Birds build species-typical nests they have never seen built, improving over time, and apes know a branch that is too weak to hold them. We think the authors' term intuitive physics engine is valuable because unlike “folk physics,” which suggests a theory, it highlights the fact that neither we, nor animals in general, need to understand from the outset the basic predictive machinery we are endowed with by natural selection. We humans eventually bootstrap this behavioral competence into reflective comprehension, something more like a theory and something that is probably beyond language-less animals.

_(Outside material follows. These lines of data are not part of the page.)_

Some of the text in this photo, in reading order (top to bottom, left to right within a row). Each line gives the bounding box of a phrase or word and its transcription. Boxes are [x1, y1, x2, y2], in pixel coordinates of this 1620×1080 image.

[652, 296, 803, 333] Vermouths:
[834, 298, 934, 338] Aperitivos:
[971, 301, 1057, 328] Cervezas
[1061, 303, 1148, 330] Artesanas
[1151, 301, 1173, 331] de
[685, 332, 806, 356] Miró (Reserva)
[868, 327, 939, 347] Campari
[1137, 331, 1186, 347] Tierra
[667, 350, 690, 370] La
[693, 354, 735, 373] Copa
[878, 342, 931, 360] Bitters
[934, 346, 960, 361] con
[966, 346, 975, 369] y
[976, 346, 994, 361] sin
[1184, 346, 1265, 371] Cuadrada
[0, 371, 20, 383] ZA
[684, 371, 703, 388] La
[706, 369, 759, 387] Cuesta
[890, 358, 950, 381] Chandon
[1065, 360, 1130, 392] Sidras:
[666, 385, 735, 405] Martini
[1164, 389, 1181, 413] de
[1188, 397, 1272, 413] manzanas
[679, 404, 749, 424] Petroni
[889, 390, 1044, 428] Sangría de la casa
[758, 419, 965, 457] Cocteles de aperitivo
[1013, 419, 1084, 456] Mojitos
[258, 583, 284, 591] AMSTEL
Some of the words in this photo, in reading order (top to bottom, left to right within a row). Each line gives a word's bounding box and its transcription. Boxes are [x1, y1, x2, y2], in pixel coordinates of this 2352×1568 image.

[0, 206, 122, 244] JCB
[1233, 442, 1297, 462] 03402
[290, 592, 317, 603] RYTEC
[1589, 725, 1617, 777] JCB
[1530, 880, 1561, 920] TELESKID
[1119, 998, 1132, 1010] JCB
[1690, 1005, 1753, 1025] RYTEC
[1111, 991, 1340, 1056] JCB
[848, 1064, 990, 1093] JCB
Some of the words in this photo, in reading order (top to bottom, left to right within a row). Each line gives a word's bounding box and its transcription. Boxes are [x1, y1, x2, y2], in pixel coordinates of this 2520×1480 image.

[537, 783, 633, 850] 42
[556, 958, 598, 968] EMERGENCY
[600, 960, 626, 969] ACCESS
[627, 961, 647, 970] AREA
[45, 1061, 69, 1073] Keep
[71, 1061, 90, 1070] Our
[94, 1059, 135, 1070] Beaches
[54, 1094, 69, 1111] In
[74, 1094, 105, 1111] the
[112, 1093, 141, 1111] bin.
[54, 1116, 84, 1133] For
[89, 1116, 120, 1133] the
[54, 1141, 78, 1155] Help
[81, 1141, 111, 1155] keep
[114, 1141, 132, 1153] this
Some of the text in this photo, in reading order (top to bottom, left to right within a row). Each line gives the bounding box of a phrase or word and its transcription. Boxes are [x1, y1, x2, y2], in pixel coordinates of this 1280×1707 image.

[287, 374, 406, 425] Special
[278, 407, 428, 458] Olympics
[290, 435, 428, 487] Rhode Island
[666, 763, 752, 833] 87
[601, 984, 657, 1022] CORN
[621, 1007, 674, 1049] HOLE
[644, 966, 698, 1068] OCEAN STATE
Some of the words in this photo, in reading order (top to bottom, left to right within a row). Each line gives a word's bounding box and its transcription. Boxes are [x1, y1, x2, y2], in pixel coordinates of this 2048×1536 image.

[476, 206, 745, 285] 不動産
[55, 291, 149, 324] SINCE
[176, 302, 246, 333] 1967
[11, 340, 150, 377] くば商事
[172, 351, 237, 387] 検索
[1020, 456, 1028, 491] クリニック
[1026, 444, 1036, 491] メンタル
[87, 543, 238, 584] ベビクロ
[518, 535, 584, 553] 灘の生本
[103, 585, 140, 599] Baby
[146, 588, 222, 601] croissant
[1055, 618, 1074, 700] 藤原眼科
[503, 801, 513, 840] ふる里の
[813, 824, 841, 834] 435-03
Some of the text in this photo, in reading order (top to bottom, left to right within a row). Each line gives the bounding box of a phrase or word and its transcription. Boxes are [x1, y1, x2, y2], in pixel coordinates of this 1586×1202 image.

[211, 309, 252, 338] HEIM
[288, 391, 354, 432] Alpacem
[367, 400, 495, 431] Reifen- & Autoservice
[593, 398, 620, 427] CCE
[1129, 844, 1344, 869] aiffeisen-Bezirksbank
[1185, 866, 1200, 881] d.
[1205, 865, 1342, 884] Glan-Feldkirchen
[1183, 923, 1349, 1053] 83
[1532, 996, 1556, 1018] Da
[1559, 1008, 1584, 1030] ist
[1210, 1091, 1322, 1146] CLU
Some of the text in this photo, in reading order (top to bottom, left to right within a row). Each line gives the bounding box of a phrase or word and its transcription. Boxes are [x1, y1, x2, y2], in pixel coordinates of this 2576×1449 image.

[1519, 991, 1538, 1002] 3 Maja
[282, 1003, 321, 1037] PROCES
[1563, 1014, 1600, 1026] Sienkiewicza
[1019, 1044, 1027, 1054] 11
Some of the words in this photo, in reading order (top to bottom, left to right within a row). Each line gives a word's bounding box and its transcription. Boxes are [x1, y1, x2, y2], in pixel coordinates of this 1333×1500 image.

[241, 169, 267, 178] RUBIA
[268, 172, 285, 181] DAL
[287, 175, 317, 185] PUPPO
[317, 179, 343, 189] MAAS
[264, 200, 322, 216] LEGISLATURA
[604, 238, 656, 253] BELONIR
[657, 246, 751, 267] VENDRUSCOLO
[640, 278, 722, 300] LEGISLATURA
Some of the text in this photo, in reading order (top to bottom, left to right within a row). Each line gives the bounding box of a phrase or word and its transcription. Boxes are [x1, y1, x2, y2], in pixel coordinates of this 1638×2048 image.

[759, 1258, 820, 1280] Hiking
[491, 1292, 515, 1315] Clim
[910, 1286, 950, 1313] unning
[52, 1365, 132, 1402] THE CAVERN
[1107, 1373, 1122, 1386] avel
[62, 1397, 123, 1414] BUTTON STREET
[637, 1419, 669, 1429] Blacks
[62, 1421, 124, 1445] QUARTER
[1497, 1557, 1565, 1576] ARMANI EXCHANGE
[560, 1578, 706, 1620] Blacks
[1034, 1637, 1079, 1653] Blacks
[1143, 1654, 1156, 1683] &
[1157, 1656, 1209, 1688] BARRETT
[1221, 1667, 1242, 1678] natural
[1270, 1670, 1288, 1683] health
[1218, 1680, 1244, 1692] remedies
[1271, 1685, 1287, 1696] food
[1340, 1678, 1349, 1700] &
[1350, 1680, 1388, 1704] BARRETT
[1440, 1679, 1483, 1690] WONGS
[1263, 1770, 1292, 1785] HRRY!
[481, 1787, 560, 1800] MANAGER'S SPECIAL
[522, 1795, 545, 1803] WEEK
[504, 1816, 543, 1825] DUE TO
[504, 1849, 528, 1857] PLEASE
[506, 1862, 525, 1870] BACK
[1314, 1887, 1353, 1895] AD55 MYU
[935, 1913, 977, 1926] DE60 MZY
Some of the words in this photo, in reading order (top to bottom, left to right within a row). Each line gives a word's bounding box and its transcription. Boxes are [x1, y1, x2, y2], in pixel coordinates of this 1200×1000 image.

So, once sophisticated animal-level intelligence is reached, there will remain the all-important step of bridging the gap to human-level intelligence. Experiments suggest that human children differ from chimpanzees primarily with respect to social knowledge (Herrmann et al. Reference Herrmann, Call, Hernandez-Lloreda, Hare and Tomasello2007; Reference Herrmann, Hernandez-Lloreda, Call, Hare and Tomasello2010). Their unique forms of imitation and readiness to learn from teachers suggest means by which humans can accumulate and exploit an “informational commonwealth” (Kiraly et al. Reference Kiraly, Csibra and Gergely2013; Sterelny Reference Sterelny2012; Reference Sterelny, Downes and Machery2013). This is most likely part of the story of how humans can become as intelligent as they do. But the missing part of that story remains internal mechanisms, which Lake et al. can help us focus on. Are the unique social skills developing humans deploy because of enriched models (“intuitive psychology” say), novel models (ones with principles of social emulation and articulation), or more powerful abilities to acquire and enrich models (learning-to-learn)? The answer probably appeals to some combination. But we suggest that connecting peculiarly human ways of learning from others to Lake et al.'s “learning-to-learn” mechanisms may be particularly fruitful for fleshing out the latter – and ultimately illuminating to the former.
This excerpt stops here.